Over the following few days, other newspapers published it, but they did so solely as a story about the investigation being conducted by the Indian army into the occurrence. There was hardly any reporting from the scene of the incident.

Even though the majority of journalists I spoke to stated that they feared retaliation from the state, some of them also stated that they feel threatened by extremists.

There have been instances of militant groups issuing threats to journalists via statements published on their websites.

I had a conversation with a journalist who had been threatened.

The life of a journalist in Kashmir is analogous to walking on the edge of a razor. “You constantly exist in a state of fear,” he told me.

I wanted to know what frightened you, so I asked.

“Of a bullet heading in my direction. “Every time I see a motorcycle pull up next to me, I get a sick feeling in the pit of my stomach because I know that someone is going to pull out a gun and shoot me, and no one will ever figure out who did it,” he explained.

In 2018, prominent editor Shujaat Bukhari was killed in the parking lot of his office in Srinagar by gunfire, according to the authorities. After five years, the investigation into his death has not yet begun in court.

The Kashmir Press Club in central Srinagar was one of the few places in a region that was plagued by conflict where journalists were able to openly congregate, debate stories, and share their concerns with one another. It served as a safe haven in particular for freelance journalists who did not have offices of their own.
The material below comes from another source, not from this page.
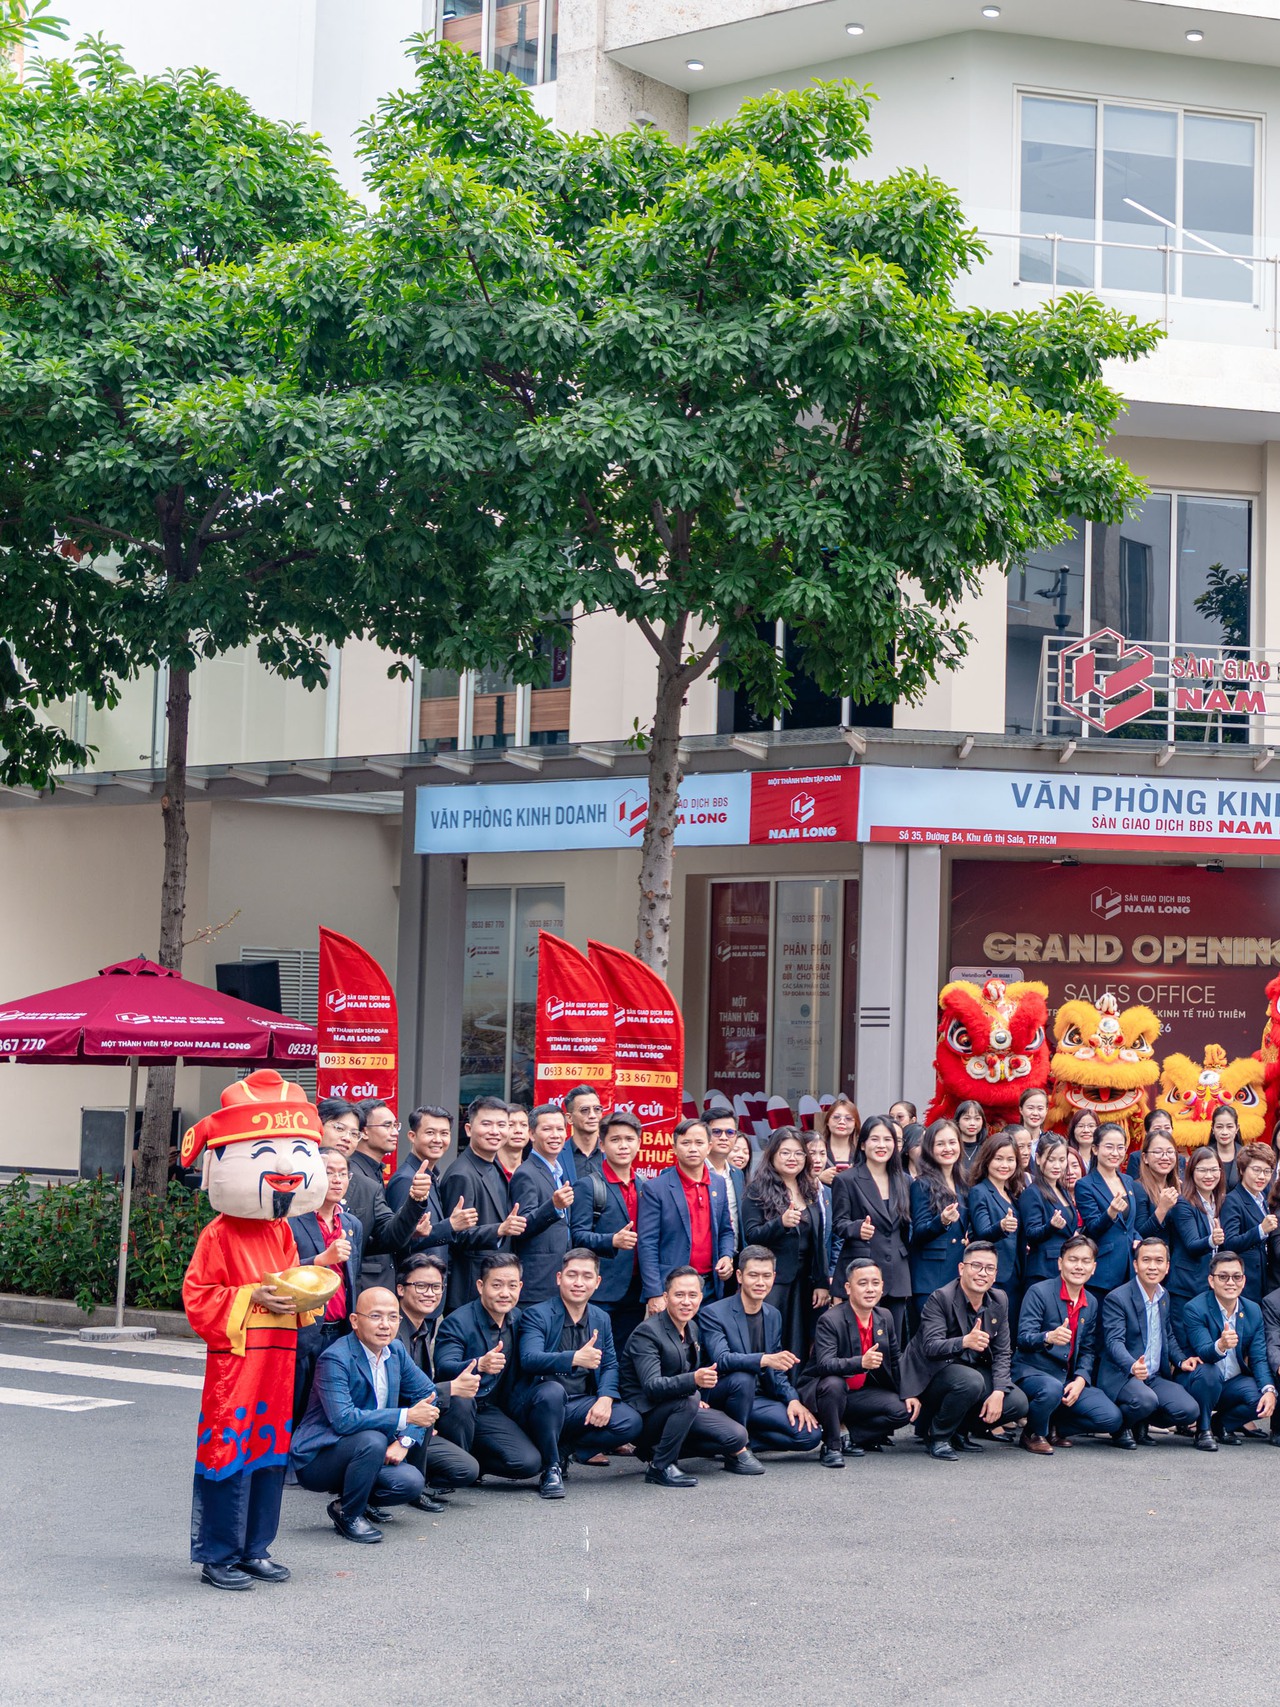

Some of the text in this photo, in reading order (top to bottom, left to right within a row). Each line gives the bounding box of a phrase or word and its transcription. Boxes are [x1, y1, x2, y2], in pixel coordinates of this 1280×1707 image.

But that wasn’t the only factor. Additionally, it was the most important organization in the area that fought for the rights and freedom of the press.

The government ordered it to be shut down a year ago. The building that I’ve been to so frequently in order to gain priceless insight into local culture has recently been converted into a police station.

When they feel endangered, journalists have reported that they have nowhere to turn for help.

To enter Kashmir, journalists from other countries need permission from the Ministry of Home Affairs, which is only occasionally granted. The G20 summit that took place in May marked the first time in the past few years that international journalists were permitted to visit Srinagar. However, access to the city was very restricted, restricting both the locations to which they were permitted to travel and the topics that they were permitted to cover.

The last ten years have seen a significant fall in press freedom across the entirety of India. This decline has been mirrored in global rankings, as well as in lawsuits brought against journalists and raids against media institutions. We have found evidence that the freedom of the press in Kashmir has been severely compromised, and the degree to which it has been compromised is extreme in Kashmir.

On a shelf in the living room of the Sultan home is a copy of Kashmir Narrator, a magazine that Asif Sultan used to write for and which now holds a prominent place in the family’s collection of memorabilia.

His father flipped through the worn-out magazine and pointed to Asif’s picture that was featured in a byline. Mohammad spoke to his granddaughter about the identity of the individual depicted in the picture.

“Oh, My Daddy. Areeba said that he was indeed incarcerated.

Areeba has not yet reached the age when she can comprehend what has happened to her father, therefore Mohammad hopes that Asif will be released before Areeba does.

“I’m getting old,” he said. “I’m getting old.” However, I’m doing my best to parent and grandparent her at the same time. How much longer am I able to keep this up?